Dr Anil Chopde, deputy medical superintendent at the hospital, stated, “In the 27 years of my career, this is the first case where a young boy of 16 years has been brought in with a heart attack. One of the factors is tobacco addiction at an early age.” Ashok started working at the age of 14 with his fellow villagers in different parts of the country, doing odd jobs like masonry and carpentry.
In August 2014, he was in Hyderabad working in an apartment, when he fell unconscious and was admitted to a hospital. Doctors had then advised him to keep away from smoking and his addictions, but he ignored them. Ashok has been staying away from his family, who have no idea of his addictions. His father, Ram Nayan (55), said, “Nobody in our family has heart-related ailments.
Ashok is the eldest of four children and is a school dropout. He has never smoked in our presence, but we are not aware of what he does outside the house.” Ram Nayan himself is a smoker, and confessed to
puffing 6-7 beedis a day and drinking occasionally. A fisherman by profession, Ram Nayan is the sole breadwinner for his family, earning Rs 100 to Rs 150 a day.
Ashok was working in Ulhasnagar, for Rs 250 per day. “Ashok, in the last five months, has only sent home a money order of Rs 2,000. We received it just two days before we learnt about his hospitalisation,” his father recalled. However, Ram Nayan refuses to come to Mumbai, citing financial strain.
But, once his son recovers he will be ordered to come home, where he would be under strict vigil to ensure he doesn’t smoke or drink again. “He will help me in my regular work. I won’t send him to Mumbai again,” Ram Nayan stated.
Attacking the young
Cases of heart attacks among teenagers have been seen around the world.

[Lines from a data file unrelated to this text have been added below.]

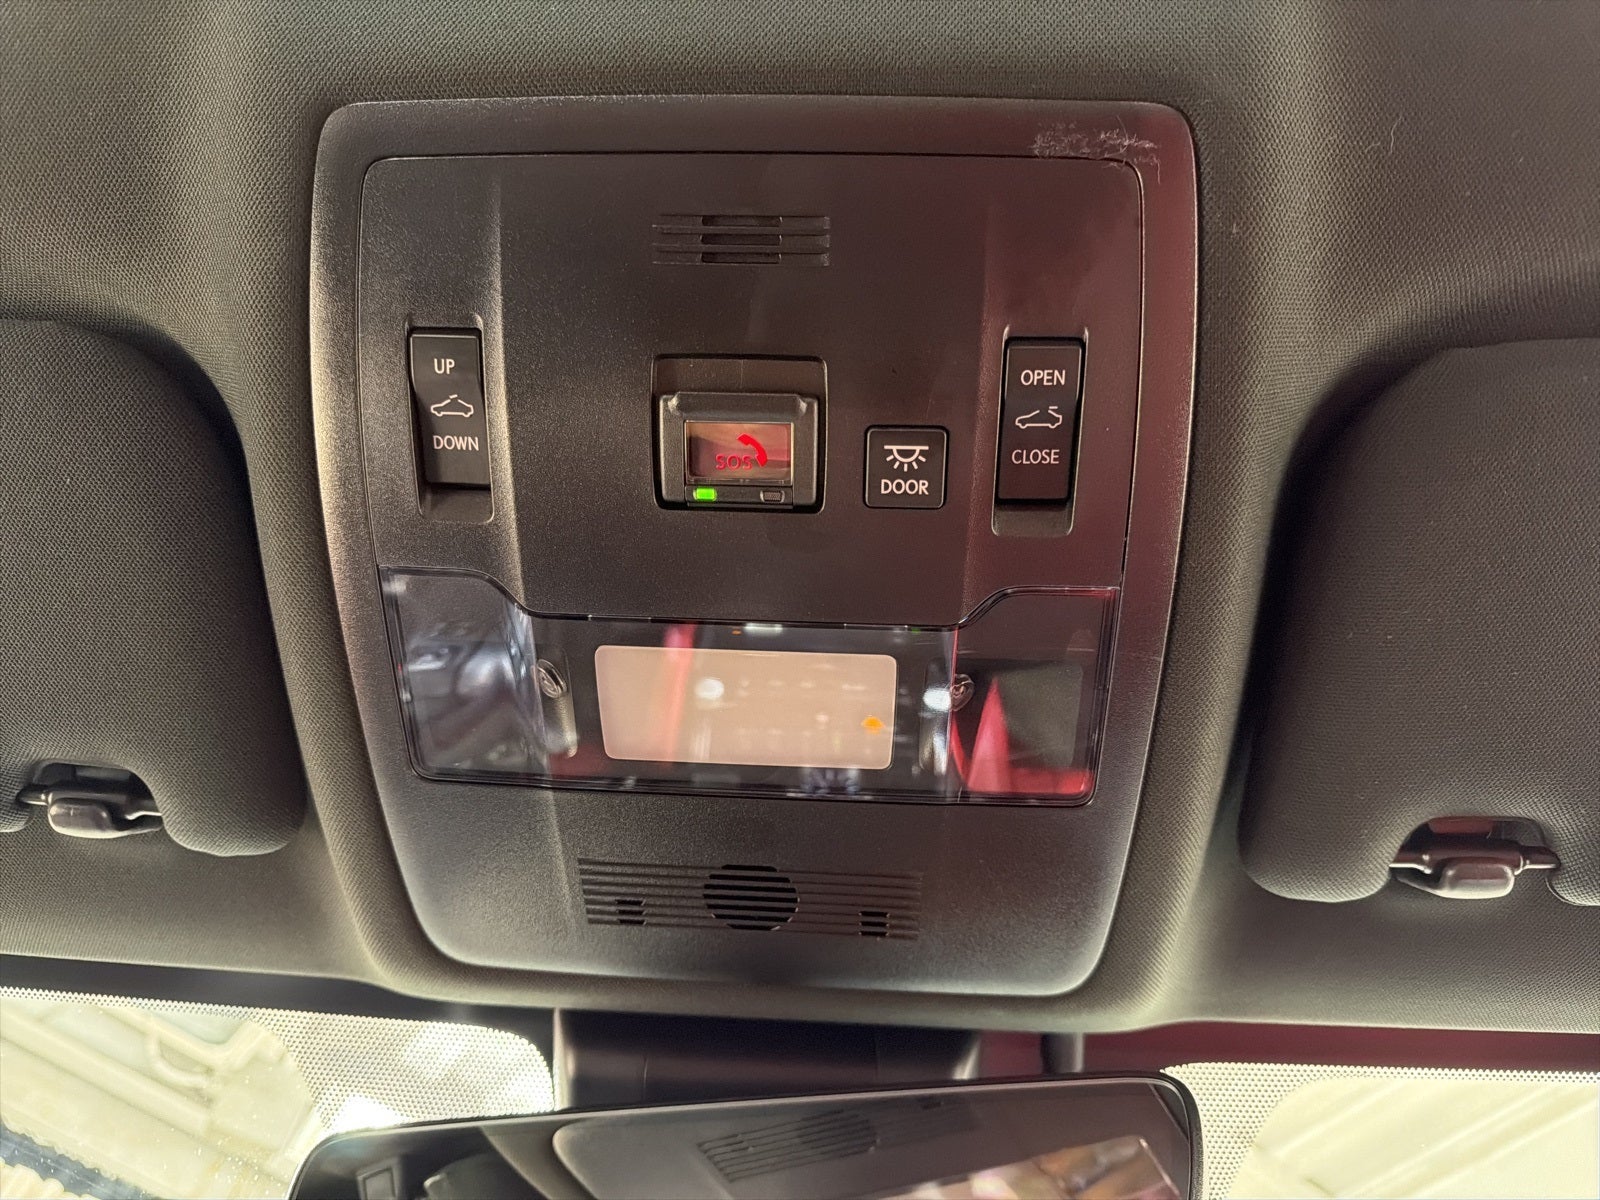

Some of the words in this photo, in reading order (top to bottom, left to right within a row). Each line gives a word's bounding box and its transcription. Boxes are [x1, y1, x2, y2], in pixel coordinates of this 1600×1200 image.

[434, 358, 455, 374] UP
[1020, 369, 1066, 386] OPEN
[433, 435, 479, 451] DOWN
[715, 454, 753, 470] SOS
[1011, 449, 1060, 464] CLOSE
[880, 478, 929, 495] DOOR

>> A 13-year-old boy from Lukut, Malaysia, collapsed and died at his tuition centre in June 2008, reported Sin Chew Daily. The deceased, Zhen Siong, was nearly six feet tall. He had complained of chest pain at a camping trip earlier, but the family never suspected it to be serious.
>> In October 2012, an Indian teenager living in Abu Dhabi, Nazneen Nasser, died of a heart attack after a party at a relative’s place, ironically on the eve of World Heart Day, Emirates 24/7 reported. The 17-year-old’s parents said she never had any serious problems.

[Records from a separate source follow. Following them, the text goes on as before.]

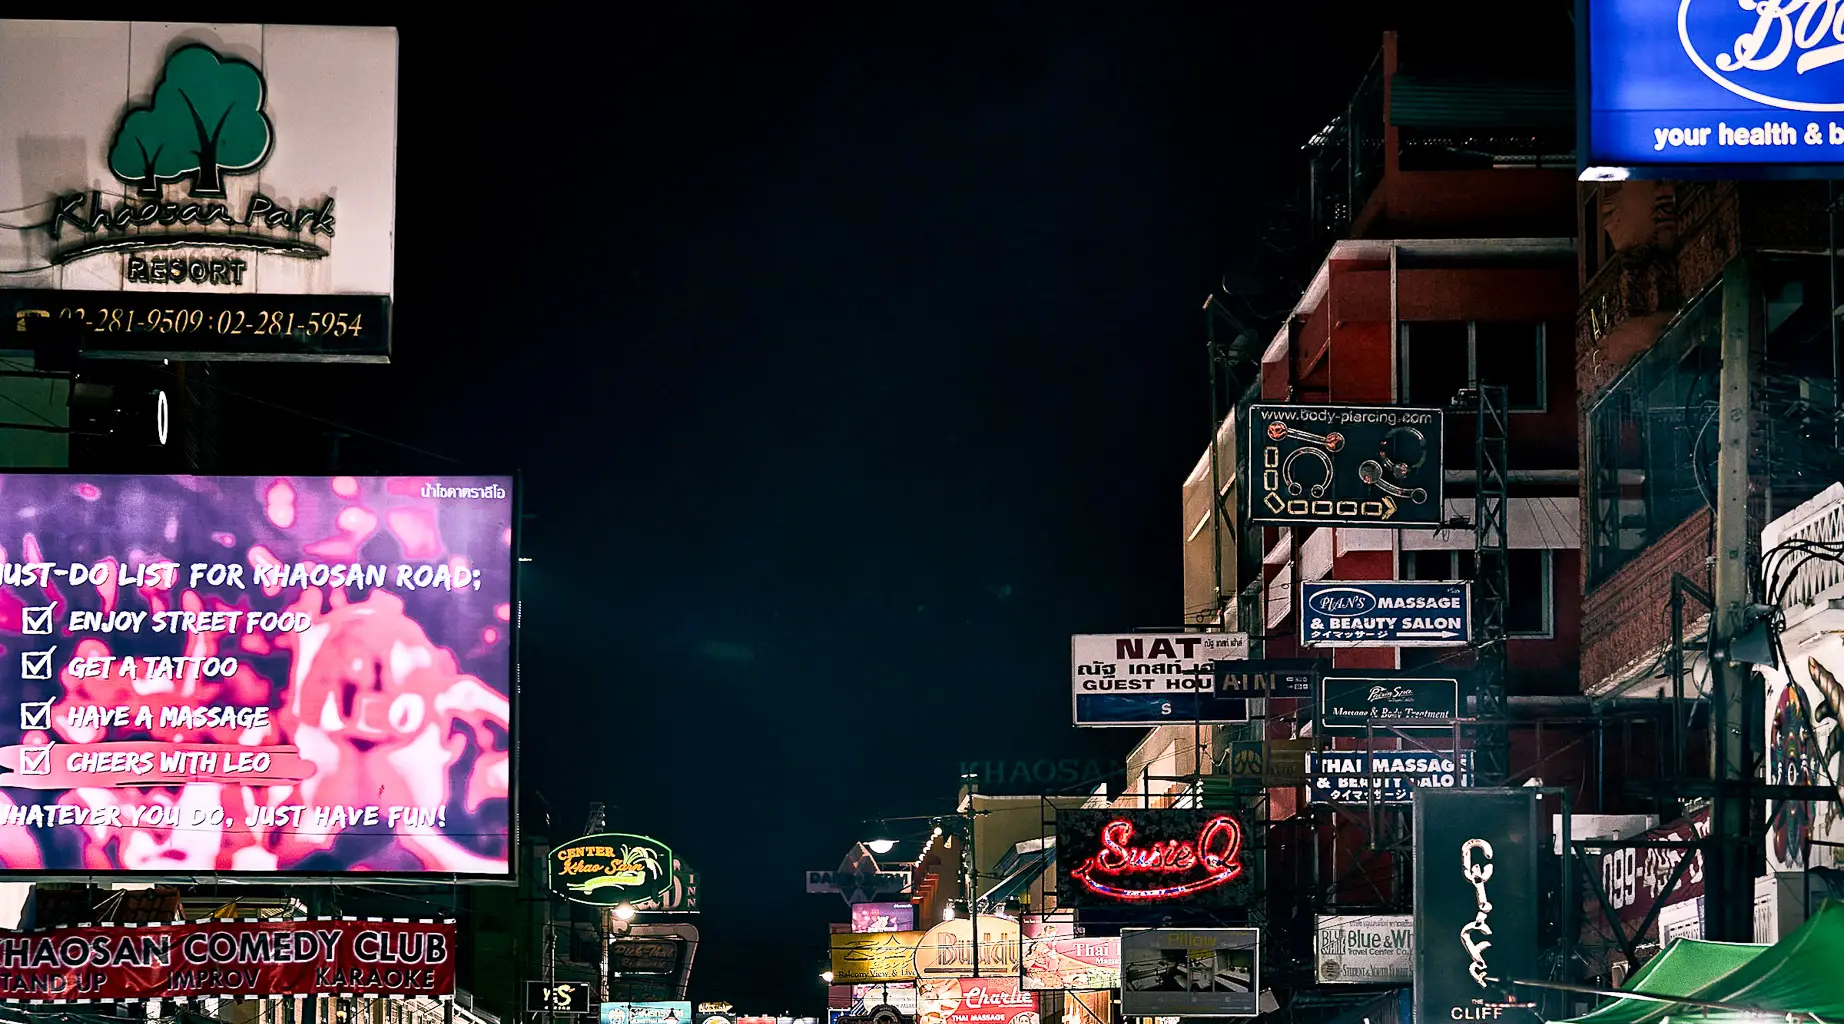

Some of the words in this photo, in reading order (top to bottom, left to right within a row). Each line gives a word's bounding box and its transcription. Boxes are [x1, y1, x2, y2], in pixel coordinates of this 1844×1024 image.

[1654, 125, 1711, 151] your
[1719, 121, 1797, 146] health
[1803, 122, 1823, 146] &
[51, 193, 232, 241] Khaosan
[244, 194, 337, 238] Park
[127, 258, 246, 285] RESORT
[1261, 409, 1432, 426] www.body-piercing.com
[0, 563, 110, 588] UST-DO
[118, 563, 180, 588] LIST
[190, 563, 245, 590] FOR
[253, 563, 387, 590] KHAOSAN
[1377, 597, 1461, 609] MASSAGE
[69, 611, 148, 633] ENJOY
[152, 611, 244, 634] STREET
[247, 612, 312, 634] FOOD
[1310, 618, 1325, 630] &
[1330, 618, 1397, 630] BEAUTY
[1402, 618, 1461, 630] SALON
[1311, 631, 1389, 639] タイマッサージ
[1116, 637, 1202, 660] NAT
[68, 656, 116, 680] GET
[119, 656, 138, 680] A
[144, 656, 238, 680] TATTOO
[1083, 679, 1155, 691] GUEST
[68, 705, 131, 730] HAVE
[135, 705, 153, 730] A
[160, 706, 270, 730] MASSAGE
[1381, 707, 1402, 719] Body
[1405, 708, 1449, 719] Treatment
[66, 752, 154, 775] CHEERS
[160, 752, 219, 775] WITH
[222, 752, 271, 774] LEO
[1317, 778, 1331, 789] &
[131, 805, 182, 828] YOU
[245, 805, 306, 828] JUST
[314, 805, 380, 829] HAVE
[387, 805, 447, 828] FUN!
[557, 846, 617, 861] CENTER
[1098, 820, 1196, 871] Susie
[1198, 815, 1241, 872] Q
[558, 858, 604, 875] Khao
[604, 858, 645, 875] Sarn
[183, 929, 343, 965] COMEDY
[353, 930, 448, 965] CLUB
[1073, 943, 1109, 957] Thai
[1348, 930, 1381, 948] Blue
[1383, 935, 1393, 947] &
[77, 972, 108, 993] UP
[167, 968, 262, 992] IMPROV
[315, 967, 436, 989] KARAOKE
[838, 970, 868, 979] Balcony
[963, 986, 1033, 1008] Charlie
[1451, 1007, 1503, 1020] CLIFF

>> In UK, a girl of 13 died due to heart attack after suffering severe mosquito bites on a holiday. She collapsed to the ground eleven days after returning. Medical reports later revealed she had had an attack that went undetected earlier.
Dr Prafulla Kerkar
Professor and HOD Cardiology dept, KEM Hospital
I have seen lifestyle diseases like diabetes and hypertension in 16-year-olds, but this is the first case of heart attack I’ve heard of. This particular case will need to be evaluated from all possible angles, including any lipid disorders. One may understand that any sort of tobacco addiction is dangerous and could lead to cardiovascular problems.
Dr Robin Pinto
Unlike traditional blockages in the heart due to age, this is a very rare case and is possible in case of smoking and cocaine addiction, which leads to spasm of the arteries without underlying blockages. The boy will have to undergo an angiography and will have to be monitored closely. He will have to give up his addiction and be on medication for life.
Dr K Venugopal
President, Cardiology Society of India
“Unless there are genetic abnormalities which manifest a problem in coronary arteries in the first two decades of birth, cases of heart attacks, otherwise, in children are rare. In this case, the patient probably might have some cholesterol metabolism issue and his addiction aggravated the problem, leading to a higher risk of getting a heart attack.